The City of Arlington filed a lawsuit seeking the closure of the Smokey Point Motor Inn because of excessive criminal activity on the property. (Andy Bronson / The Herald)

The City of Arlington filed a lawsuit seeking the closure of the Smokey Point Motor Inn because of excessive criminal activity on the property. (Andy Bronson / The Herald)

Arlington wants to close motel, center of ‘criminal activity’

In the past few years, police have responded hundreds of times to the Smokey Point Motor Inn.

ARLINGTON — City officials in Arlington are trying to close a motel they say is rife with criminal activity.

The Smokey Point Motor Inn, at 17329 Smokey Point Drive, has been a crime hot spot for years, alleges a lawsuit filed this month by the City of Arlington in Snohomish County Superior Court. The city says it has tried to work with the current and former owners, to no avail.

The conditions at the motel just east of I-5 are a “public health hazard, the continued existence of which constitutes an immediate and emergency threat to the public health, safety and welfare of others,” the city attorney wrote in court papers.

An Arlington officer wrote in court documents that police were called to the motel 253 times between Jan. 1 and the end of August; 332 times last year; and 373 times in 2019. The calls were usually related to drug activity, according to the officer. On one day late last month, for example, police were called to the motel five times.

Local hotels of similar sizes don’t need nearly the same amount of law enforcement response, Arlington police Chief Jonathan Ventura told The Daily Herald.

On April 1, Arlington police and the Snohomish County Sheriff’s Office arrested 10 people who pulled into the motel’s parking lot and left shortly after, an officer wrote in court papers. They also seized some methamphetamine and heroin.

Now the city wants to put the motel in the custody of the court and likely close it for a year. The owner declined to comment.

Nearby property owners have reported vandalism, public urination and defecation and feeling intimidated and harassed by patrons of the motel. One manager at a local business said they’ve had to repair the fence next to the inn six times since April. A property manager said they had to hire someone to clean up needles daily.

“We just want it to be a livable community,” Chief Ventura said.

Arlington City Attorney Steven Peiffle wrote to the former owners in March 2020, warning them the city would seek an injunction to close the motel if the situation there didn’t improve. In September of last year, those owners sold the property to Sunlite Co. for $5.5 million, according to property records. The secretary of state’s registry of businesses lists the owner of Sunlite as Angela Yun.

Just days after the sale, Peiffle wrote to the new owner that it was their responsibility to ensure the motel was not a nuisance. In the year since that letter, the issue has not improved, according to the lawsuit.

On June 9, Arlington police served the owners with a notice that the property was violating city code.

“Units within the building are being used for the purpose of unlawfully manufacturing, delivering, selling, storing, or giving away any controlled substance,” Ventura wrote in the notice.

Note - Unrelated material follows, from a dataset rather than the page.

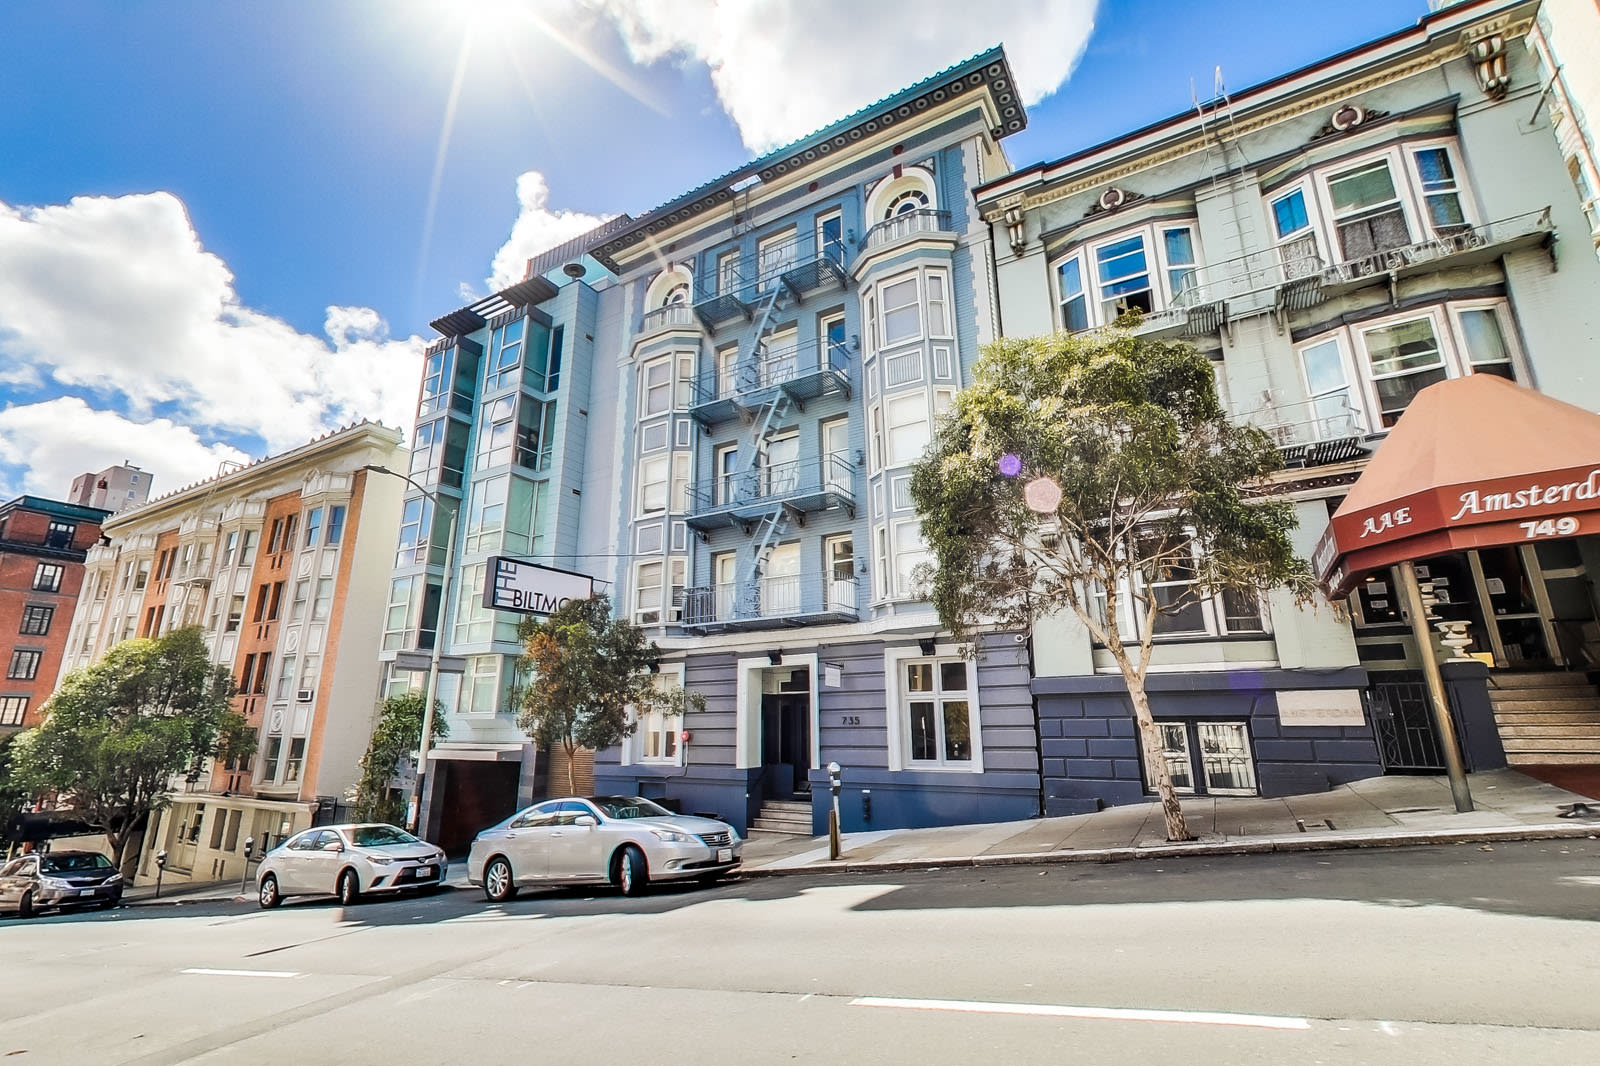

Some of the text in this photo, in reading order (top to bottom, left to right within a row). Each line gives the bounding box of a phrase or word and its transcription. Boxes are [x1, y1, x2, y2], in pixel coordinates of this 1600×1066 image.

Ventura warned the owners the city would take legal action if conditions at the motel did not improve.

The owner responded the next day with a series of actions the motel would take to prevent further criminal activity on the property. She said the company would evict “illegal customers”; would no longer “take any suspicious customers who may engage in illegal activities”; had already put up fences to keep people experiencing homelessness away from the motel; and was planning to hire a security guard to be on the premises from 8 p.m. to 7 a.m.

In another letter to the owners on June 18, Peiffle said the city found these suggestions to be “inadequate.” Based on conversations with police and other hotel managers, he offered over half a dozen steps the motel could take to minimize criminal activity. The suggestions included requiring identification to rent rooms, mandating rooms be rented for at least 24 hours, installing cameras to record the parking lot and common areas in the motel and requiring rooms be paid for with credit or debit cards.

The owner responded with another list of actions the motel would take to fit those guidelines. The owner said she would buy a high-quality video security system, only take credit or debit cards for initial payment and contract with a local company to tow unregistered vehicles, among other measures.

Peiffle wrote this month in court filings, however, that nothing had changed.

“Promises to change things have had no impact whatsoever,” he wrote. “In fact, they are just empty promises.”